Oil prices dropped on Tuesday, as Ukraine and Russia headed for peace talks and fears of a drop in fuel demand in China after Shanghai shut down to curb a surge in Covid-19

Indian refiners have bought at least 16 million barrels of cheaper Russian oil for May loading on a delivered basis, similar to purchases for the whole of 2021. File photo of Marathon refinery in Los Angeles: Reuters.


Oil prices dropped on Tuesday, extending losses from the previous day as Ukraine and Russia headed for peace talks and on fears of a drop in fuel demand in China after the financial hub of Shanghai shut down to curb a surge in Covid-19 cases.

Brent crude futures were trading down $1.18, or 1.1%, at $111.30 a barrel at 0348 GMT, having dipped as low as $109.97.

US West Texas Intermediate (WTI) crude futures hit a low of $103.46 in an early trade and were down $1.09, or 1.0%, at $104.87. Both benchmark contracts lost around 7% on Monday.
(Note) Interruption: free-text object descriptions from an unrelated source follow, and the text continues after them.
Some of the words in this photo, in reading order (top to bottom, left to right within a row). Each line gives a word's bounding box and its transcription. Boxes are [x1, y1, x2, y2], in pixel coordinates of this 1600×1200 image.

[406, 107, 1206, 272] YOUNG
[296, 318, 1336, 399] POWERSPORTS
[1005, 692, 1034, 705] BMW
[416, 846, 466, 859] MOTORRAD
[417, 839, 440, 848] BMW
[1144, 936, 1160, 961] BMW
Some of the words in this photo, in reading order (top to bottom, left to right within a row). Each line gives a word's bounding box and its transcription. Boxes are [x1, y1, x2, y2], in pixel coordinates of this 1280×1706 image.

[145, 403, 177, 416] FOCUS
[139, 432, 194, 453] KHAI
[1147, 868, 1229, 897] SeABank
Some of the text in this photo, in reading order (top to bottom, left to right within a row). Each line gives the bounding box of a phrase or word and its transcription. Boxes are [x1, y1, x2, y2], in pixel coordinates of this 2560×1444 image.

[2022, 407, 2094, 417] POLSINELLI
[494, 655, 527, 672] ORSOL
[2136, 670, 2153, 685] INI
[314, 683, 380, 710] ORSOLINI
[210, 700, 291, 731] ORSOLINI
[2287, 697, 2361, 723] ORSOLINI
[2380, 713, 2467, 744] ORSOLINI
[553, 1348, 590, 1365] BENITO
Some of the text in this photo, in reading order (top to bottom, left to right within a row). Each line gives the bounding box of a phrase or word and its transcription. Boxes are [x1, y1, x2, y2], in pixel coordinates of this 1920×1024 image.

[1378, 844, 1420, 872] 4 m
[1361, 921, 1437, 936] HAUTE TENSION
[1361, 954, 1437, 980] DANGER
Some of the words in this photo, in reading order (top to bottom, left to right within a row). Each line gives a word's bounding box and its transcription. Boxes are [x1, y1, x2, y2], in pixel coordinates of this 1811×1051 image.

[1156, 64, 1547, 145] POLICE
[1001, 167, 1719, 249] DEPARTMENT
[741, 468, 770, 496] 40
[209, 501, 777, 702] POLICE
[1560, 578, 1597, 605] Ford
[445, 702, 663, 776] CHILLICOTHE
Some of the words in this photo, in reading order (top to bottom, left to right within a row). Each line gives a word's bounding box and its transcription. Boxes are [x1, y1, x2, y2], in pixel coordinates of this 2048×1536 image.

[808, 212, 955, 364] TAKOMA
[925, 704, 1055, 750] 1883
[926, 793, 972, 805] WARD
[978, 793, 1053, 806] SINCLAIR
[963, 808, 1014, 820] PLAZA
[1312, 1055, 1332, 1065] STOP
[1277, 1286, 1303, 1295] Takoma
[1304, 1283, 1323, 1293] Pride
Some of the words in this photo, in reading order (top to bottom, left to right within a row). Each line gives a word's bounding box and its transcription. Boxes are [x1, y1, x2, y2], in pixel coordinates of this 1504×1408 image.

Ukraine and Russia were set to meet in Istanbul on Tuesday for their first peace talks in over two weeks. Sanctions imposed on Russia after it invaded Ukraine have curtailed oil supply and earlier this month sent prices to 14-year highs.

Russia calls its actions in Ukraine a “special operation” to disarm its neighbour.

Oil prices are under pressure again on expectations for a peace talk between Ukraine and Russia, which could lead to an easing of sanctions or avoidance on Russian oil by the West,” said Hiroyuki Kikukawa, general manager of research at Nissan Securities.

“A successful ceasefire could also raise the prospect of reviving an Iranian nuclear deal,” he added.

Offsetting concerns about tight supply, Shanghai’s two-stage lockdown over nine days is expected to hit fuel demand in China, the world’s largest oil importer. The country’s financial hub accounts for about 4% of China’soil consumption, ANZ Research analysts said.



Market Volatility

“Selling pressure grew on concerns that China may impose more restrictions in other places to contain the pandemic and fuel demand may be reduced further,” Tsuyoshi Ueno, a senior economist at NLI Research Institute, said.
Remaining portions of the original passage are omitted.